Dive Brief:
- U.S. merger-and-acquisition dealmaking with artificial intelligence as a key focus has surged in recent years, according to data shared with CFO Dive by 451 Research, part of S&P Global Market Intelligence.
- The aggregate value of AI-driven M&A deals in the U.S. rose to $107.9 billion last year, an increase of about 9.7% year over year and nearly 80% compared with 2022 levels, according to the figures. More than 600 such deals were announced in 2025, up from 489 in the prior year and 445 three years earlier.
- There’s a growing “fear of missing out” among businesses when it comes to AI, according to Scott Denne, a senior analyst at 451 Research. “Companies see that agentic technologies are starting to work into enterprise workflows,” he said in an interview. “Their clients are interested and experimenting with AI. Their competitors all have it as a high priority on their product roadmaps. Though it’s early days, it creates a desire to make sure you’re part of what is likely to be a significant change.”
Dive Insight:
Last year’s top 10 AI deals in terms of size include IBM’s $11 billion agreement to acquire Confluent, a provider of data services designed to support AI deployments. The list also includes a now-completed deal by ServiceNow to acquire agentic AI platform provider Moveworks for $2.85 billion. The Moveworks acquisition comes amid the rapid rise of AI agents capable of performing workplace tasks with little human intervention.
“The deals are getting larger, and the deals that are getting done look a bit different,” Denne said. “When you look back at 2022, those deals involve more older flavors of AI — machine learning and the like. Today, a lot more of the deals involve GenAI, agentic AI, LLMs [large language models] — things that have gotten a lot of interest and attention since the ChatGPT rollout in late 2022.”
AI helped drive an overall spike in M&A activity last year, despite uncertainty triggered by major shifts in economic policy, according to a December analysis by Big Four accounting and consulting firm PwC.
“I think AI is a high priority because it is such a transformative piece of technology,” Kevin Desai, PwC’s U.S. deals platform leader, said in an interview. “While a lot of us are talking about the use of AI to become more efficient, the reality is that AI as a tool to create new capabilities, new products, and new product differentiations in order to grow the top line of the business is probably something companies are pushing harder at.”
Sweeping tariff changes and stricter immigration enforcement were among the factors that hindered gross domestic product growth in 2025 while also creating uncertainty for businesses, according to PwC. Yet, from January through the end of November of last year, overall M&A deal value rose about 45% year over year, it said.

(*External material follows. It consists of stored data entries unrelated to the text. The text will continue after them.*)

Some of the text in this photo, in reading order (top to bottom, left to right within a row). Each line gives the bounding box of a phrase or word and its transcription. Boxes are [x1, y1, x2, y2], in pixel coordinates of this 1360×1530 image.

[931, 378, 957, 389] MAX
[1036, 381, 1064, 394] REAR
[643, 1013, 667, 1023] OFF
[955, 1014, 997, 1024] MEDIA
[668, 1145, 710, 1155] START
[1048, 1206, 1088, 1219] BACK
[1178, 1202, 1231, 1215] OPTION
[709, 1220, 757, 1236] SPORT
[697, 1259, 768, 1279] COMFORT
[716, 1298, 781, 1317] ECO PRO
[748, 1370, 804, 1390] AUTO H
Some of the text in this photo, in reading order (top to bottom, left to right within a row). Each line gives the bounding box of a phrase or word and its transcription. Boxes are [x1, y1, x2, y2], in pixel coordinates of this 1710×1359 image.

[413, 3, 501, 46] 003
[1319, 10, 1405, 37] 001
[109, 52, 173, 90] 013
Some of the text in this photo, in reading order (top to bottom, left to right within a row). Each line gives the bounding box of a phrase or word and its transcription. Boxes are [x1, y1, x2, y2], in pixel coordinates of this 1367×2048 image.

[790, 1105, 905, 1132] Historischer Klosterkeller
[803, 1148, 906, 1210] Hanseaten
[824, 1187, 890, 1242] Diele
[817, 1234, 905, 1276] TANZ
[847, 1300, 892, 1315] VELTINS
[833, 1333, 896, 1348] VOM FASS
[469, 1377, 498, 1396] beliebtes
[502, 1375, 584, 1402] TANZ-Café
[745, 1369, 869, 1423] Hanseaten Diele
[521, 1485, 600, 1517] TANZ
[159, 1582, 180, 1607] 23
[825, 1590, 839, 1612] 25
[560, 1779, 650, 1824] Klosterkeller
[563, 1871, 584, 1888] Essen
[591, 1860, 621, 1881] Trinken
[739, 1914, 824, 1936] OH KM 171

U.S. companies announced a total of 10,333 deals worth a combined $1.6 trillion during the 11-month period, including 74 transactions valued at $5 billion or more — the most since 2021. More than 20% of the mega-deals were driven by AI.
“I think well-capitalized businesses with strong balance sheets can better withstand some of these economic shocks, which is probably what’s causing a higher growth rate in mega-deals,” Desai said.
Nearly 78% of large companies invested in AI last year, compared with 48% of small businesses that did so during the same period, according to the results of a CFO survey released last month by Duke University’s Fuqua School of Business and the Federal Reserve Banks of Richmond and Atlanta.
Small firms indicated they are eager to close the gap, with roughly 80% reporting plans to invest in AI this year.
The environment for overall dealmaking has improved heading into 2026, PwC said.
“For now, trade policy is stabilizing, which is good for executive confidence and M&A,” the report said. But challenges remain, including U.S.-China trade tensions, an uncertain jobs market, and “balancing interest rates with the persistent specter of inflation,” it said.